Non gli aveva detto nulla su di lui, non gli aveva detto che probabilmente era vivo solo per merito delle malefatte di Valentine, non aveva infierito e al contempo non gli aveva detto che cazzo fare. Era stata solo un enorme perdita di tempo, gli aveva detto di andare da Alexander e basta, di fare esattamente ciò che avrebbe comunque fatto.
E se ci fosse andato il moro a chiedere informazioni? Se fosse andato Alec a chiedere un consiglio, a spiegare la situazione? Lo avrebbe liquidato in due minuti come aveva fatto con lui o sarebbe stata più gentile, più empatica? Jonathan poteva perfettamente immaginare la risposta, poteva tranquillamente figurarsi la scena di una Imogen Herondale rilassata e piacevolmente colpita dal fatto che il ragazzo avesse deciso di chiedere a lei e non al padre.
Ma Jonathan non poteva più farlo, non poteva più andare a chiedere a suo padre un consiglio, non poteva andare neanche da Luke perché- perché non era più la stessa cosa, non lo sarebbe mai più stata e questo era quando.
Con un moto di rabbia silenziosa Jonathan si alzò dalla poltrona ed annuì, dandole le spalle e avviandosi a passi decisi verso la porta.
Un suono sinistro lo fece fermare, quando si rese conto di aver calpestato un frammento di una delle cornici.
Rimase fermo, immobile a fissare quella polvere lucida e bianca.

<< Ha ancora dei vetri per terra, stia attenta.>> disse con freddezza.
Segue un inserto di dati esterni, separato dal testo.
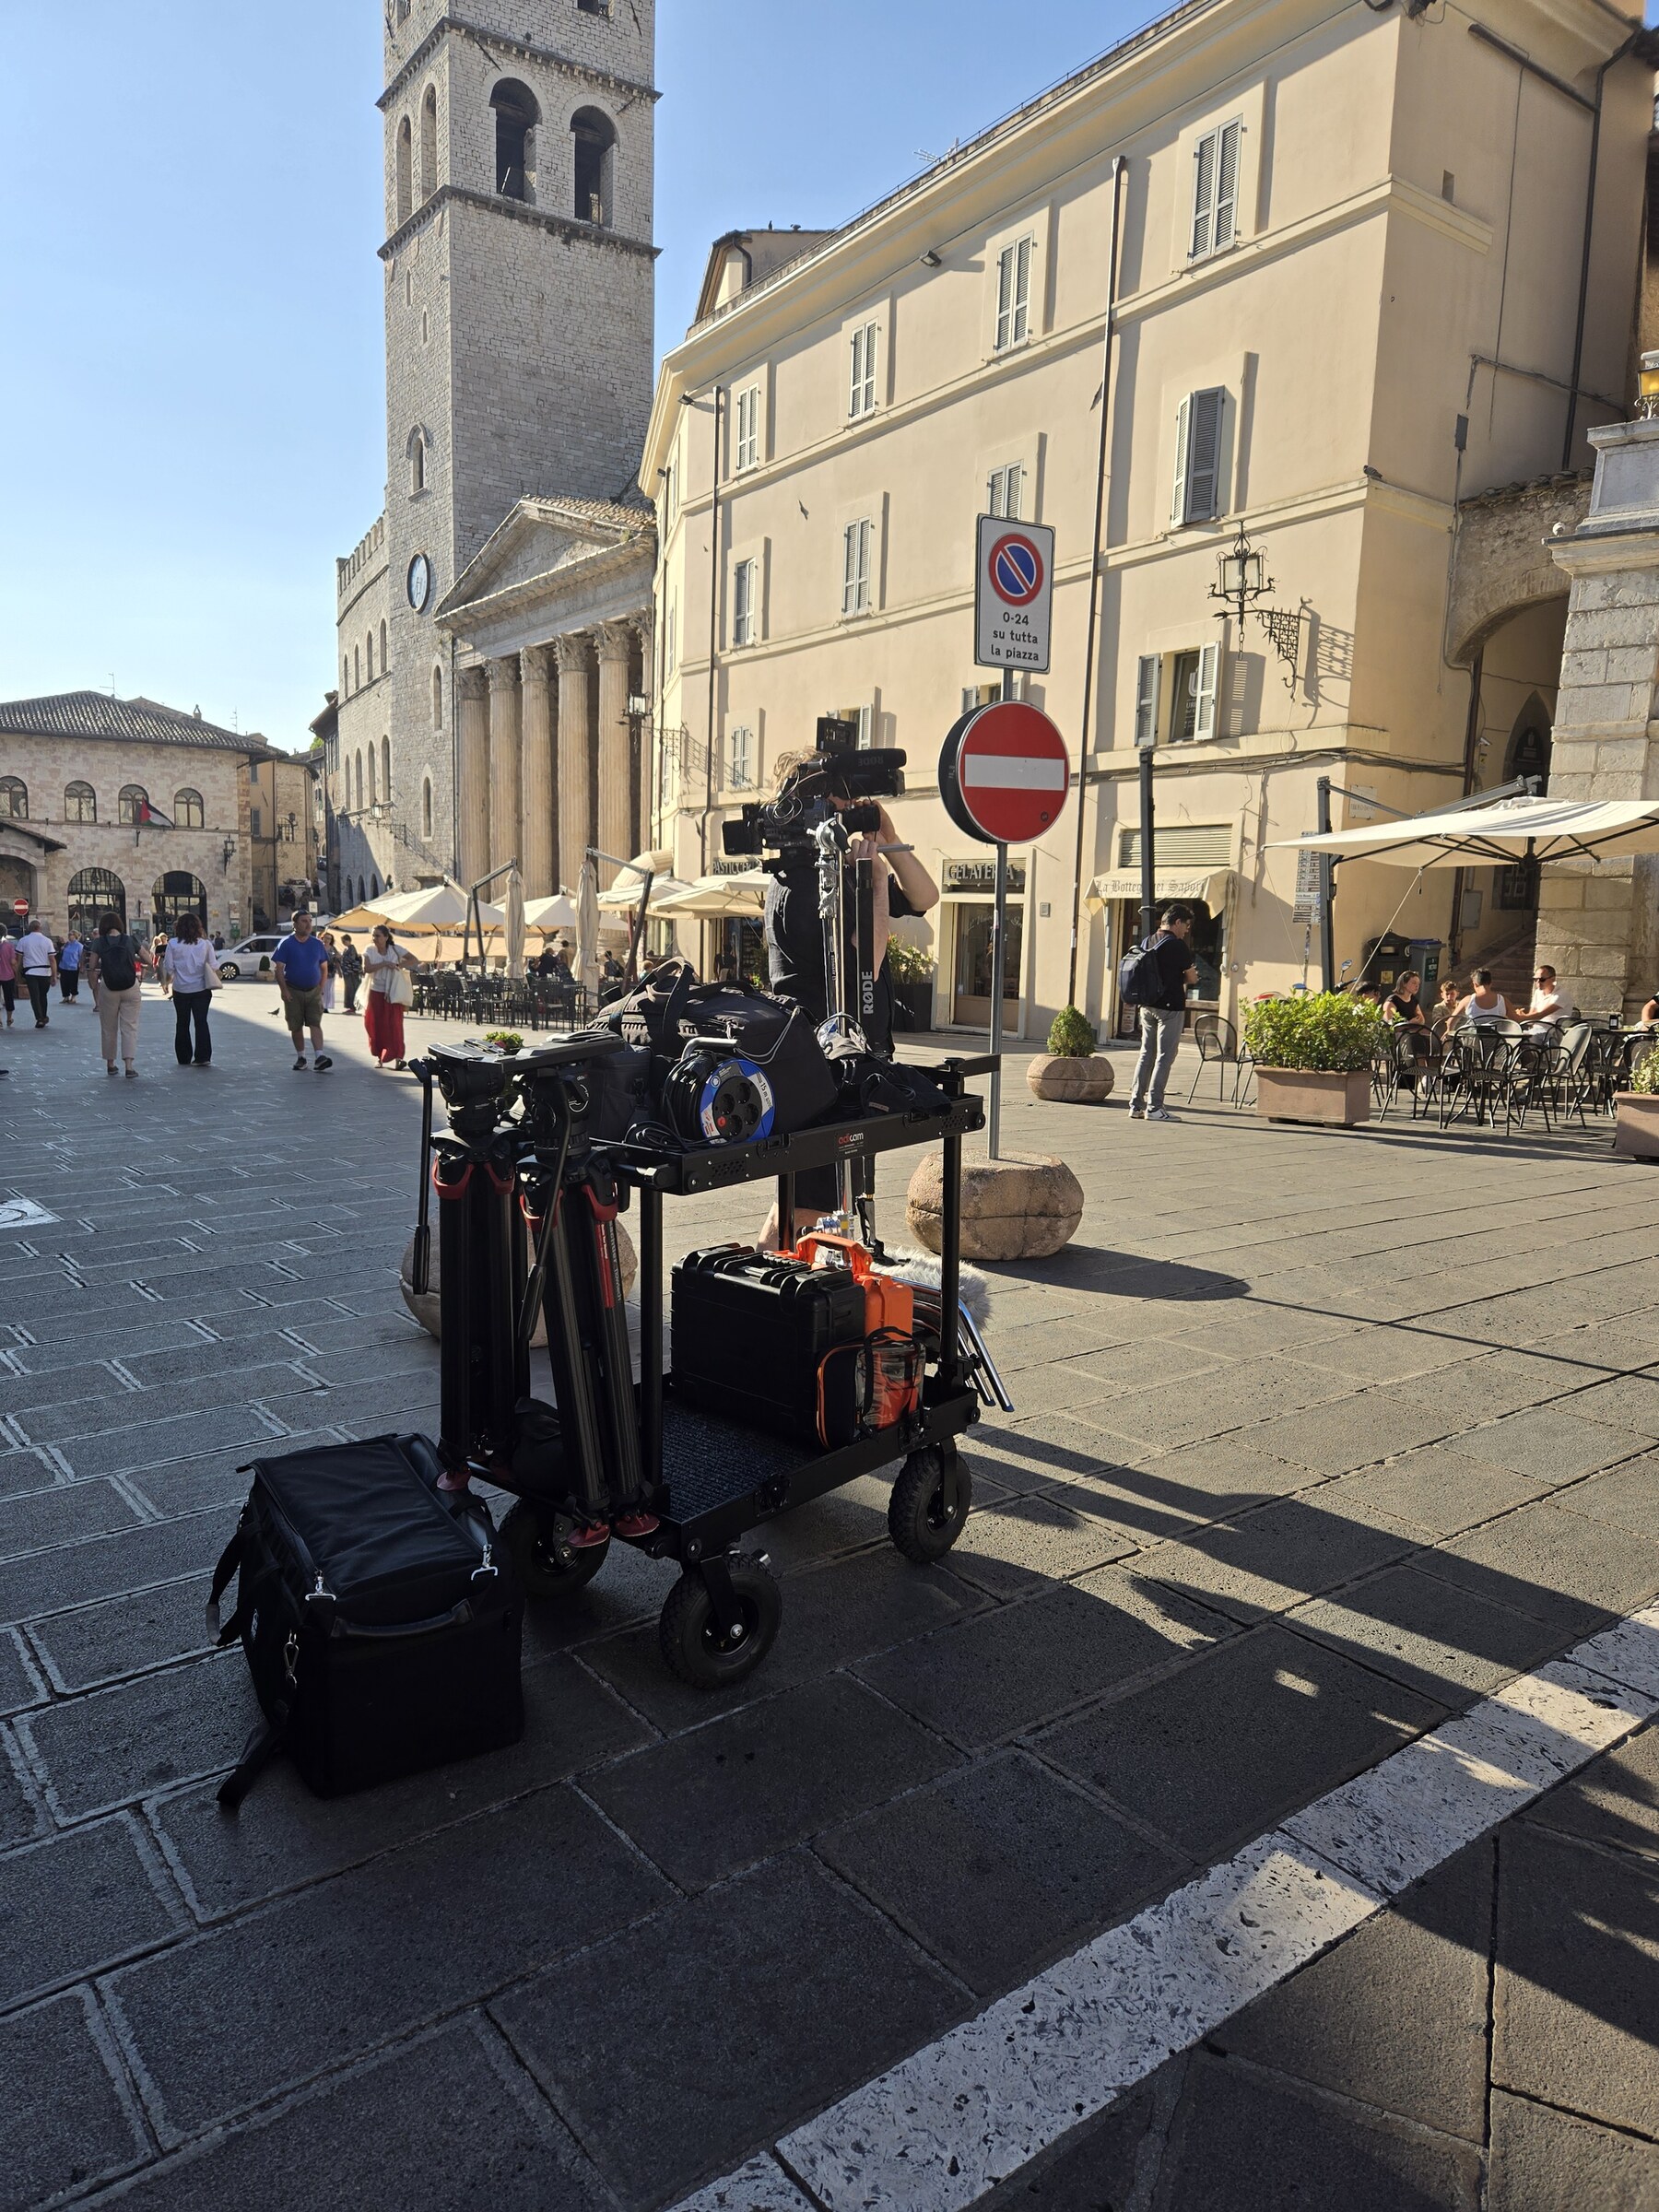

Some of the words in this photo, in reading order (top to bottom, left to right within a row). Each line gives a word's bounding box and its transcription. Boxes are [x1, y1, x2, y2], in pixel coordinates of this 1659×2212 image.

[1003, 611, 1030, 626] 0-24
[993, 629, 1005, 640] su
[1010, 629, 1039, 644] tutta
[991, 644, 1001, 656] la
[1006, 647, 1040, 661] piazza
[1112, 879, 1143, 895] Botteg
[861, 971, 874, 1015] RØDE
[760, 1082, 767, 1091] 15
Poi aprì la porta e ne uscì lasciando che sbattesse contro lo stipite immacolato.

Dentro l'ufficio Imogen sollevò delicatamente la foto che aveva sulla scrivania, suo figlio e suo nipote la fissavano seri, impettiti il giorno del loro diploma.
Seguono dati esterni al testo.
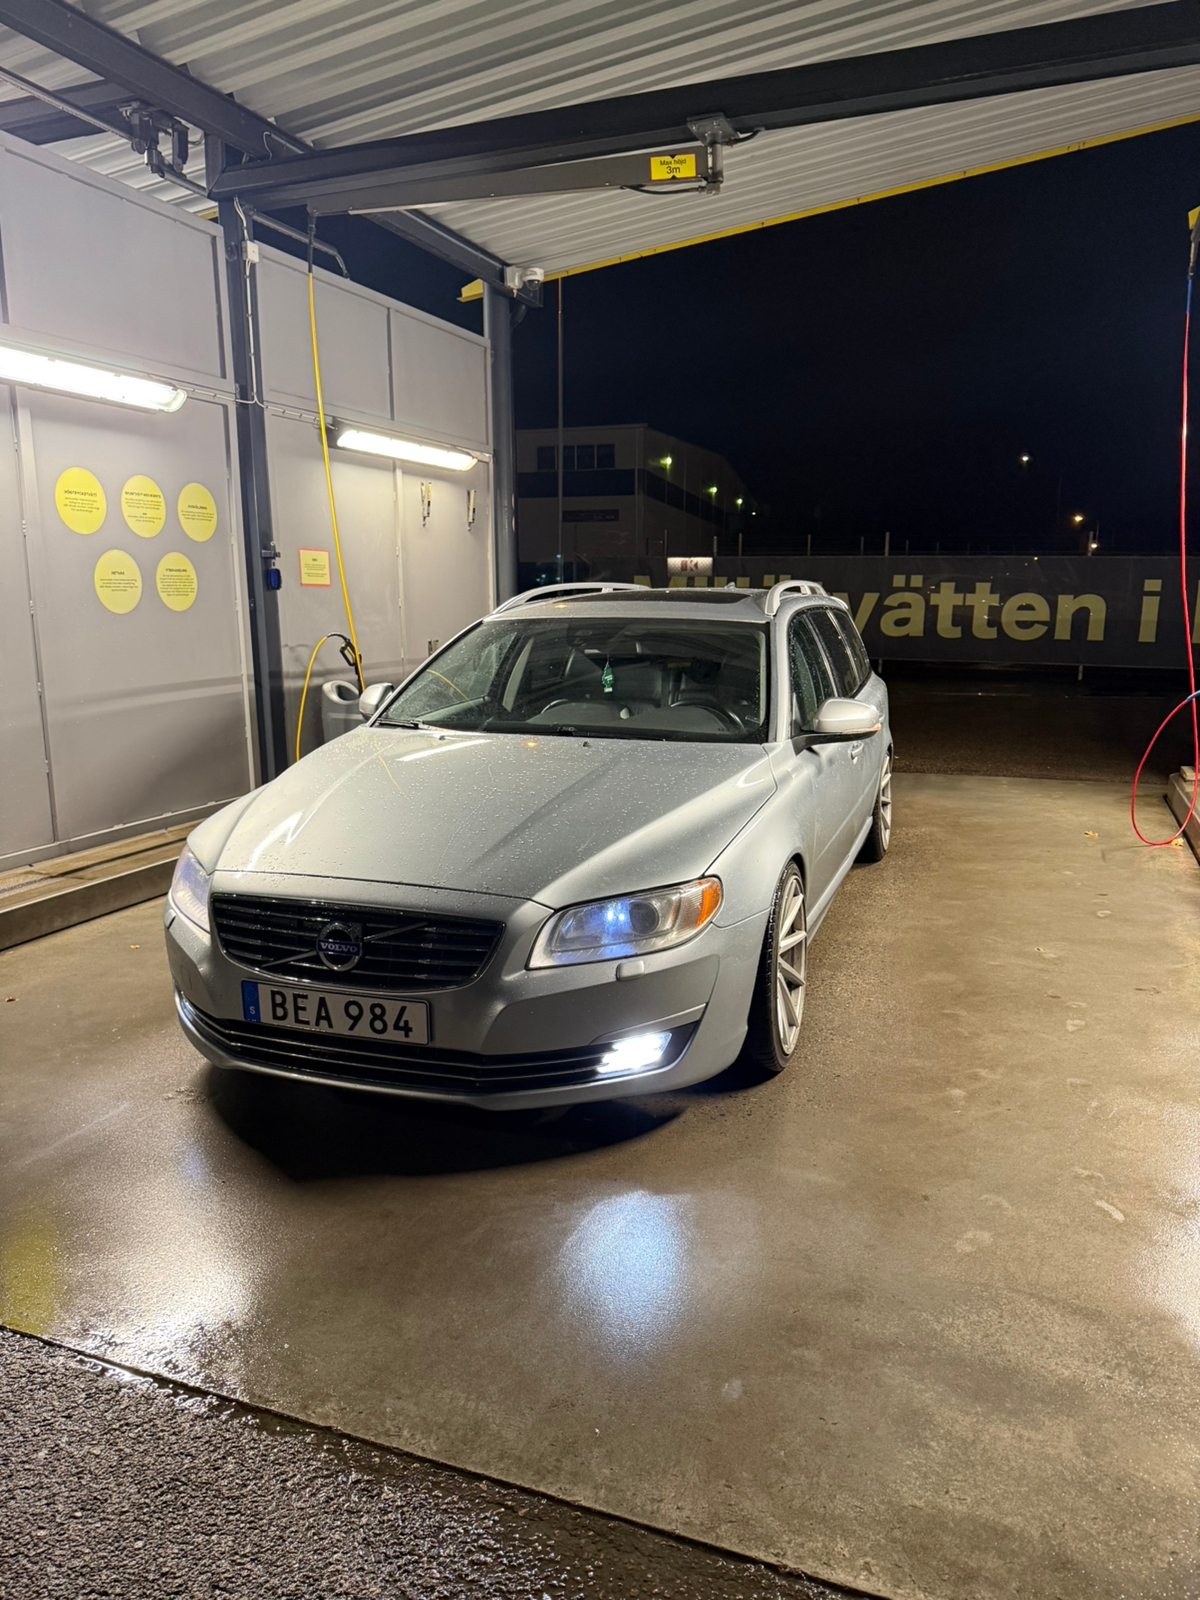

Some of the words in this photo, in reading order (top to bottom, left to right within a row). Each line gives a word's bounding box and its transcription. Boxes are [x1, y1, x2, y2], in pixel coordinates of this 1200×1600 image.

Negli occhi azzurri di Stephen poté quasi leggere un ammonimento severo, qualcosa che le fece scivolare nello stomaco una sensazione simile al disagio.
William invece le trasmetteva tutt'altra sensazione, nei suoi di occhi leggeva rimorso, forse perché sapevano tutti quanto, a suo tempo, Will riuscì ad essere disgustosamente duro con quella che, con tutta probabilità, era la persona che aveva meno colpe di chiunque altro in quella storia.
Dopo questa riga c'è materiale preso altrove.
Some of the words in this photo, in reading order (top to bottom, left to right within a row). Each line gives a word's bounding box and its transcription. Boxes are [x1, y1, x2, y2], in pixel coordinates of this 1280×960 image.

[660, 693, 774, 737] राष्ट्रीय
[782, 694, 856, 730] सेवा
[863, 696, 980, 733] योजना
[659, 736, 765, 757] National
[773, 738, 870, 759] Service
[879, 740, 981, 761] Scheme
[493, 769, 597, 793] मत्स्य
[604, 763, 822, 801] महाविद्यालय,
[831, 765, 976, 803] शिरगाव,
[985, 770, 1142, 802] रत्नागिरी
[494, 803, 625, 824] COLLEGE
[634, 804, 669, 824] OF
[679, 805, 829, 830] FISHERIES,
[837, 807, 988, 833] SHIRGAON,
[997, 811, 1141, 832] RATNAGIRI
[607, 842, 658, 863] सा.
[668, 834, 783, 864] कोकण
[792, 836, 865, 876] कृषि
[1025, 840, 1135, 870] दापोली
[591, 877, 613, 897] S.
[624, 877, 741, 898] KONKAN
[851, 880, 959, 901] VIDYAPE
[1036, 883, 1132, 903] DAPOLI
Suo nipote, dai lontani anni settanta, la pregava di non fare il suo stesso errore, di non partire prevenuta verso qualcuno che non aveva fatto nulla, il cui unico crimine risedeva in colui che gli aveva dato i natali.
E forse Imogen era sempre stata troppo dura con quel ragazzo, forse non essendo riuscita ad avere la sua vendetta su Valentine si accaniva su Jonathan, così dannatamente simile a suo padre, con quello sguardo fiero, strafottente… era il completo opposto di Alexander, un ragazzo tanto a modo, rispettoso, gentile e- e con gli occhi blu così simili a quelli dei suoi ragazzi…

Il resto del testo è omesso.